State library association conferences will offer some academic library sessions, but the bulk of the programming is geared to public libraries. I’ve written previously about the benefits academic librarians gain from paying attention to what their public library colleagues are doing. State library conferences offer great opportunities for that connecting with public librarians and attending their presentations – while still having access to a more limited offering of academic library-focused sessions – and the Pennsylvania Library Association Conference did not disappoint. I highly recommend it. In addition to learning from public library colleagues, I rediscovered the joy of going to another city and connecting with colleagues, both old and new. Finding a great new place for a meal while exploring the conference venue is always a plus. No chance of that happening at a virtual conference.
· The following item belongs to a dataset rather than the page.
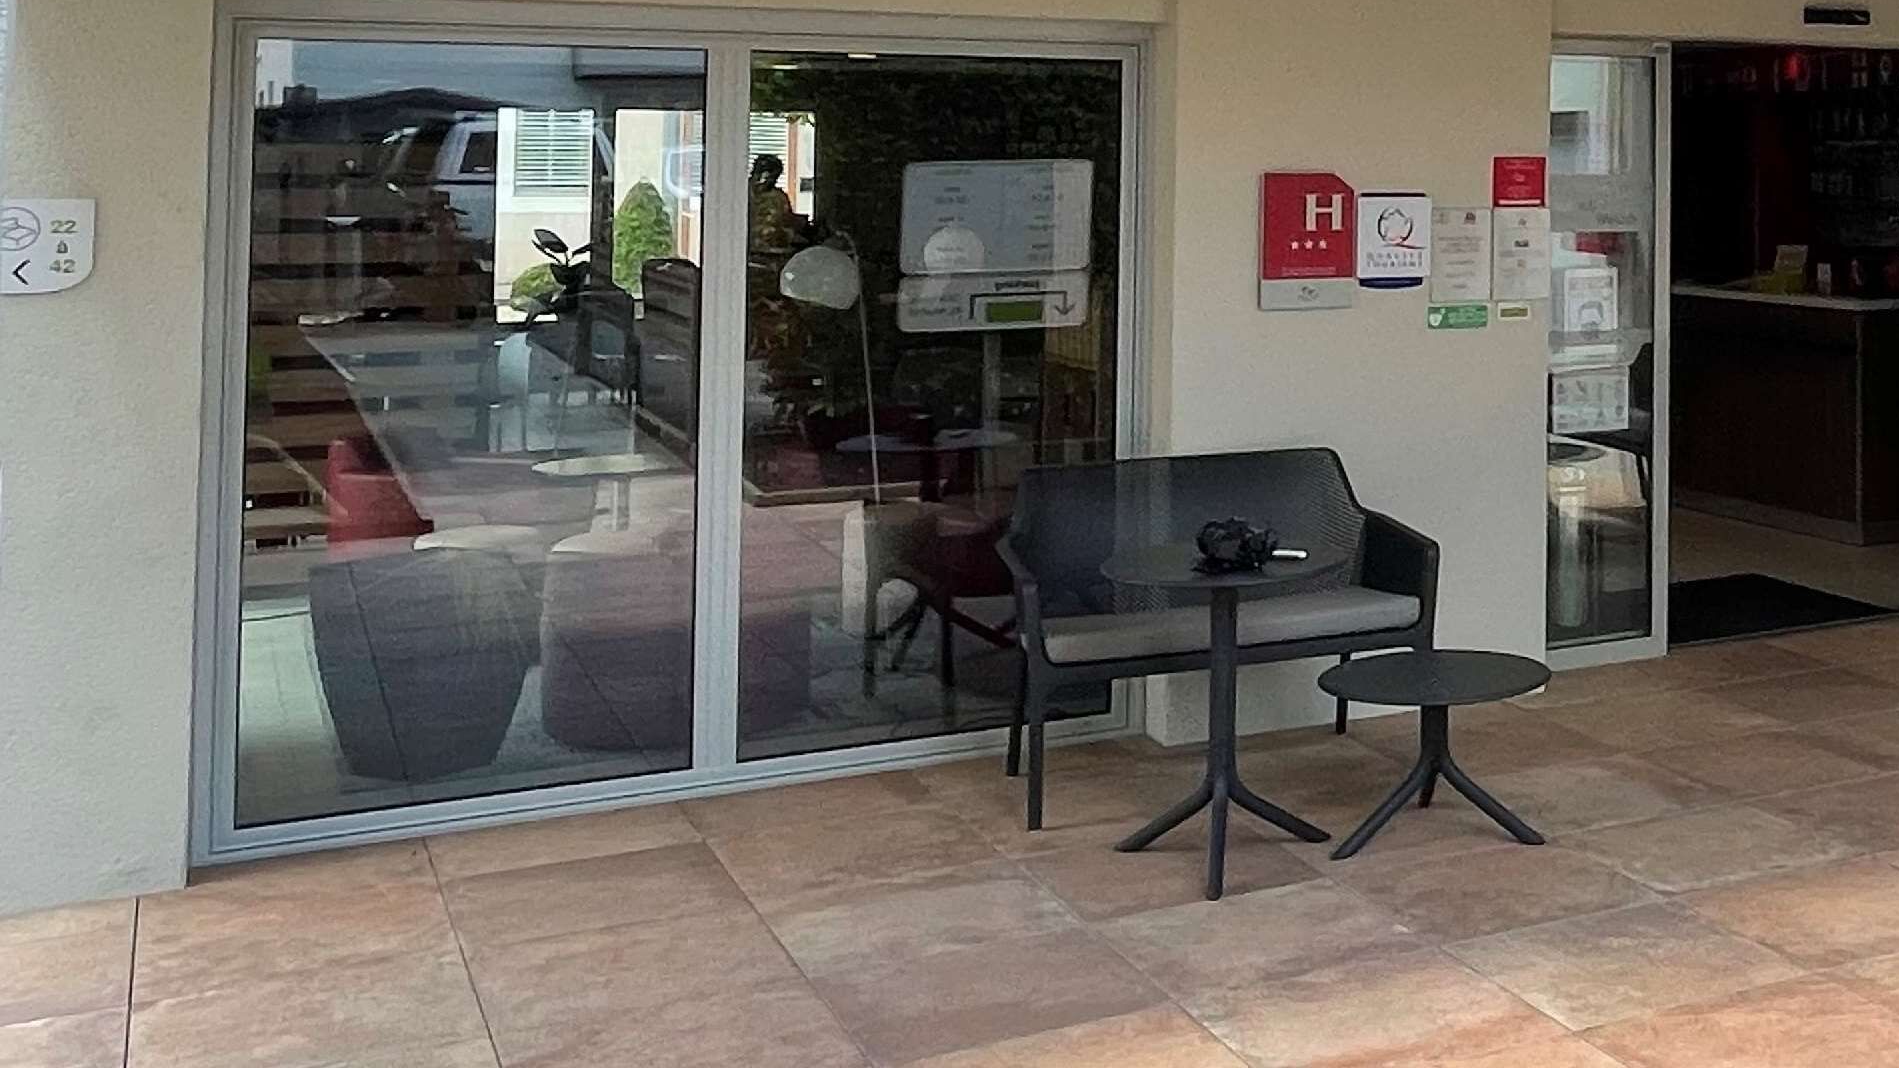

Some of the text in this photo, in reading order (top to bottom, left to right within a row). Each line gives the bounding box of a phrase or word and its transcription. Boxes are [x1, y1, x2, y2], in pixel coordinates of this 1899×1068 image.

[1305, 193, 1344, 231] H
[50, 220, 77, 234] 22
[49, 259, 76, 274] 42
Conference planners are getting more creative with the ways they are organizing and delivering content. Pre-recorded content is gaining in popularity as a way to create more presenter opportunities. It works reasonably well for any kind of presentation, be it a traditional panel session, a lightning talk or a poster session. Attendees can access this content at a scheduled time or whenever it is convenient for them to do so. My presentation at EDUCAUSE is an interesting hybrid session. I’ve already recorded my talk, but I am required to be present at the time for which it is officially scheduled. I won’t be speaking in real time. As my recorded talk plays, I’ll be commenting on it in the chat and answering questions. That may sound slightly weird, but it is just one more version of our future conferencing experience, as presenters and attendees.
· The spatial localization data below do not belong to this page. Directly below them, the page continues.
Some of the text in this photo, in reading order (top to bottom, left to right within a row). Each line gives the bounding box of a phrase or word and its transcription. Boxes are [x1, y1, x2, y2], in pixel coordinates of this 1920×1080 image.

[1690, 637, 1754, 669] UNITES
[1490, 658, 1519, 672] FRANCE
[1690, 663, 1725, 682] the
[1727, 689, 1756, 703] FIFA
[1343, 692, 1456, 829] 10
What about the conferences where I’ve been or will be in sessions, exhibits and receptions with many others? Was I  or will I be concerned about COVID? Not so much. I can’t say it wasn’t or won’t be on my mind. Like most librarians, I imagine, I’m fully vaxxed and boosted, so the odds seem in our favor. But we also know that we continually hear about this or that person who just tested positive. Masking is now limited at best, and I saw few librarians wearing them at conference programs. The librarians who want to return to a normal, routine conference experience are willing to take some calculated risk to do so.

Those of us who fortunately have the privilege to do so, will take our chances attending onsite conferences, resigned to the reality that despite our preventative measures we’ll probably catch something sooner or later (or have already done so) and then we’ll just deal with it. That may come off as a bit cavalier, but that’s where we seem to be right now. For those who cannot or will not conference, or are just staying on the sidelines for now, having the ongoing opportunity to attend virtual events is a welcome option. It might get better or worse this winter. For now though, I’m looking forward to spring conferences. ACRL 2023 – here we come.


  1. Liz Evans

    Sadly, I think many of us are in the same position as my library where all professional development/travel funds were stripped from budgets during the Pandemic, not restored and we just can”t afford to attend, even virtually, such valuable opportunities.

    • steven bell

      Hello Liz. Thank you for sharing your comment. It is indeed unfortunate, and somewhat shortsighted, that your institution has cut professional development funding . I am sure that you are your colleagues do take advantage of the many no-cost webinars and recorded conference sessions that are increasingly available However, that is not quite the same, as I write, as having the ability to connect with colleagues for networking and learning. I hope that your institution will reverse this policy in the near future, recognizing that supporting professional development is a necessary function of organizations – not to mention critical to recruitment and retention of staff.